La plata acapara el interés de los inversores con más dosis de riesgo, aunque encuentra soporte en la fuerte demanda industrial
Es el metal de las apuestas de inversión más arriesgadas, las más apalancadas. En paralelo al alza del oro, pero con mucha más intensidad, la plata registra en los últimos meses una revalorización estratosférica que ha hecho mucho más dura su reciente caída. El metal ha sufrido con apenas cuatro sesiones de diferencia los dos derrumbes más grandes nunca vistos en su cotización: la caída del 26,36% del 30 de enero y del 19,57% en la jornada del cinco de febrero. Su precio se estabiliza ahora en los 85 dólares la onza aunque, según asumen los analistas, promete ser muy volátil en los próximos meses. A favor de la calma, juegan las positivas expectativas para el precio del oro, de cuyo ascenso la plata se contagia, y el hecho de que el precio de la plata se va a seguir viendo sostenido por una fuerte demanda gracias a su uso industrial.

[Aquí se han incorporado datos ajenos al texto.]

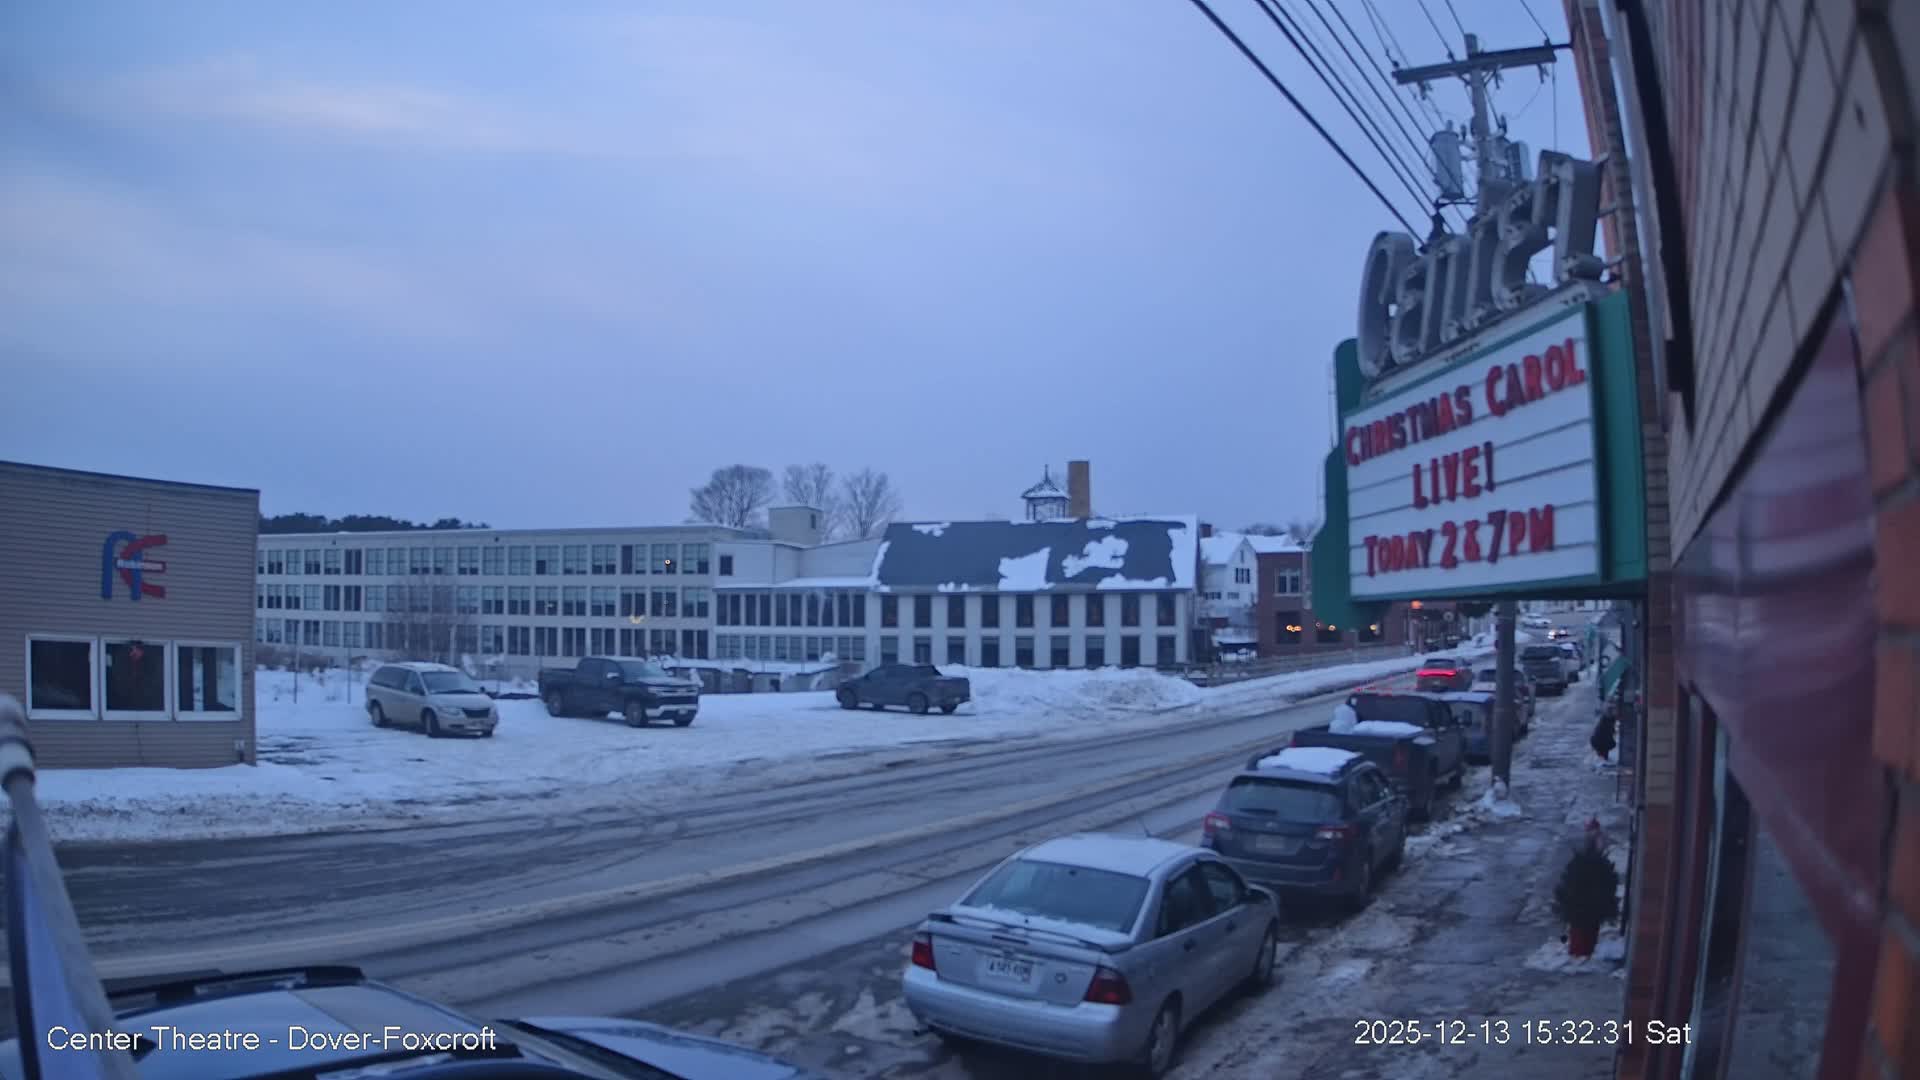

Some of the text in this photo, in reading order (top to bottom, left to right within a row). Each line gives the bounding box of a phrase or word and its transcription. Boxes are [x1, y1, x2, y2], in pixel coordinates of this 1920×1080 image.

[1345, 337, 1586, 467] CHRISTMAS CAROL
[1411, 441, 1496, 510] LIVE!
[1364, 528, 1434, 578] TODAY
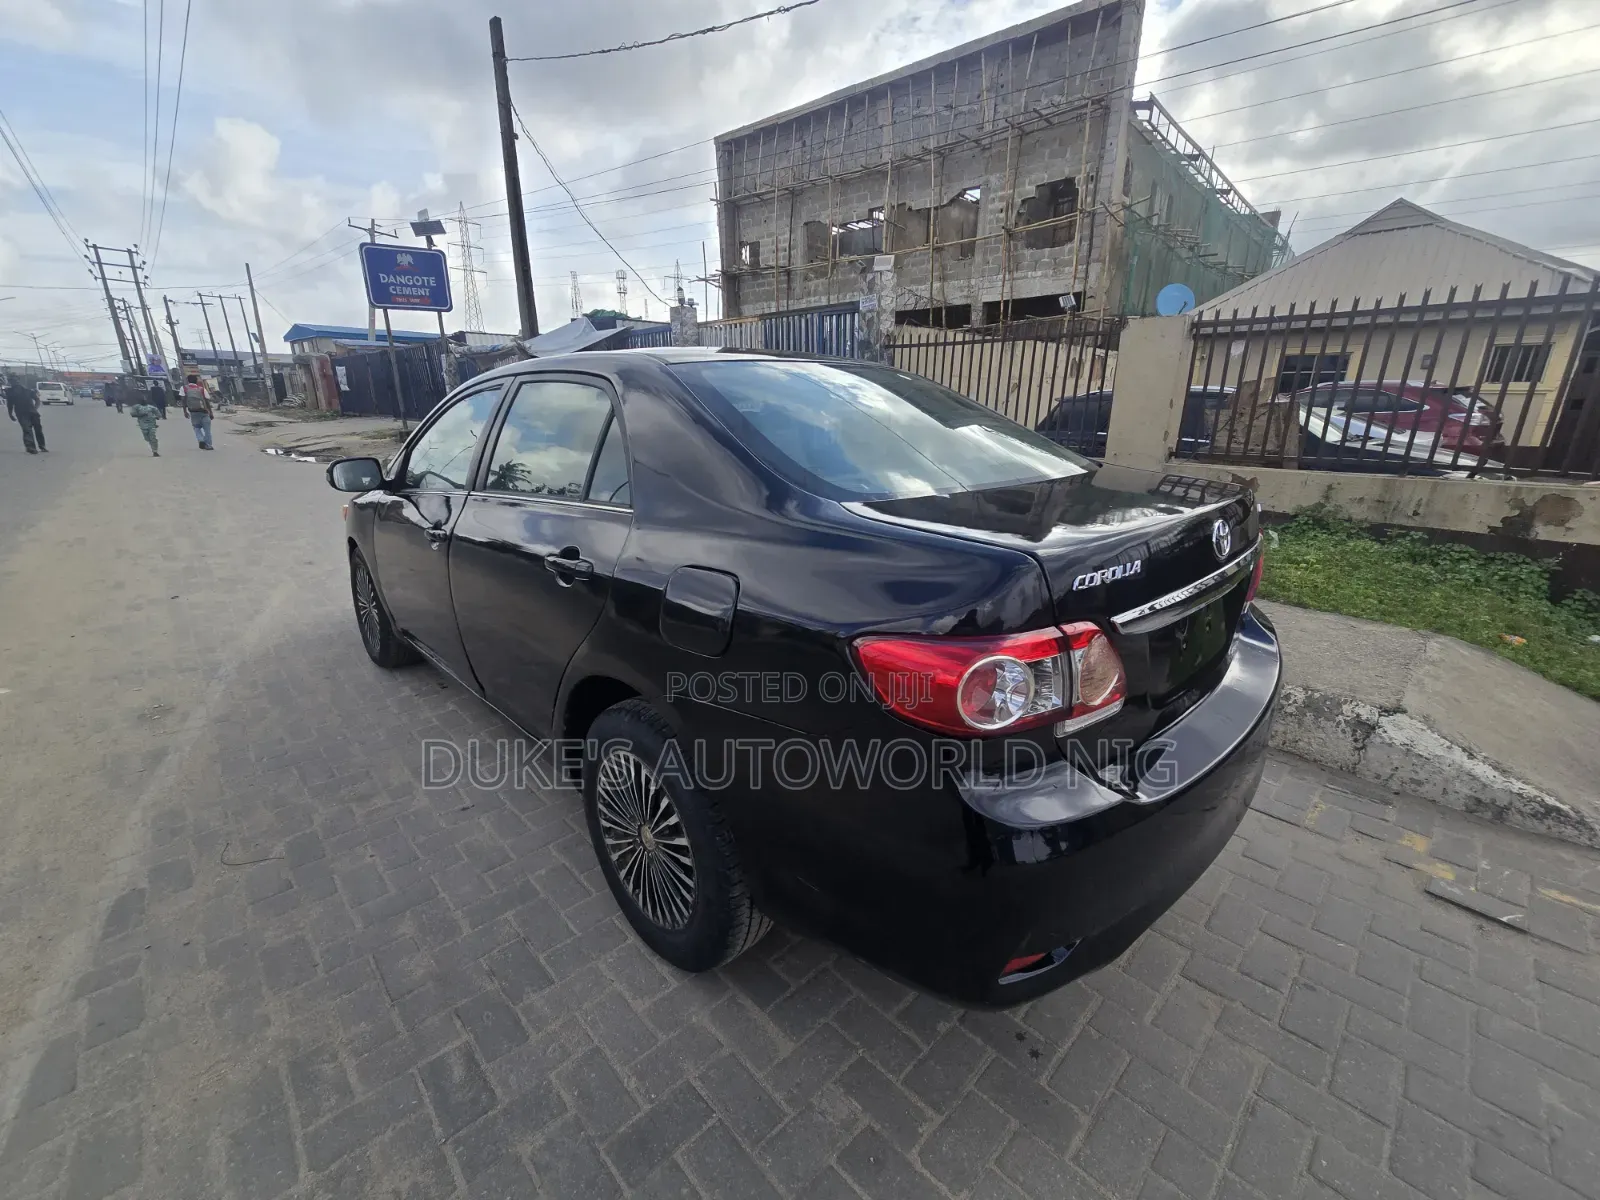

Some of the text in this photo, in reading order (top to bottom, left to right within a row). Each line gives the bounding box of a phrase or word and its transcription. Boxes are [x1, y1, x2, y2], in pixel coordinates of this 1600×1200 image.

Las razones del rally de la plata son similares a las que explican el alza del oro. Los inversores están buscando una alternativa a los que hasta ahora habían sido activos refugio clásicos —el dólar y la deuda soberana de EE UU—. Además, en un contexto en el que se esperan bajadas de tipos, los metales preciosos ofrecen una reserva de valor más atractiva que la rentabilidad de los bonos. Pero, a diferencia del oro, la plata ofrece también un fuerte componente industrial capaz de poner un suelo sólido al derrumbe de su precio. “El metal desempeña un papel clave en sectores estratégicos como la energía solar, la modernización de redes eléctricas y los procesos de electrificación, factores que continúan respaldando el consumo físico y limitan el riesgo de caídas prolongadas una vez que el sentimiento del mercado se estabilice“, defiende Antonio Di Giacomo, analista senior del bróker XS.com.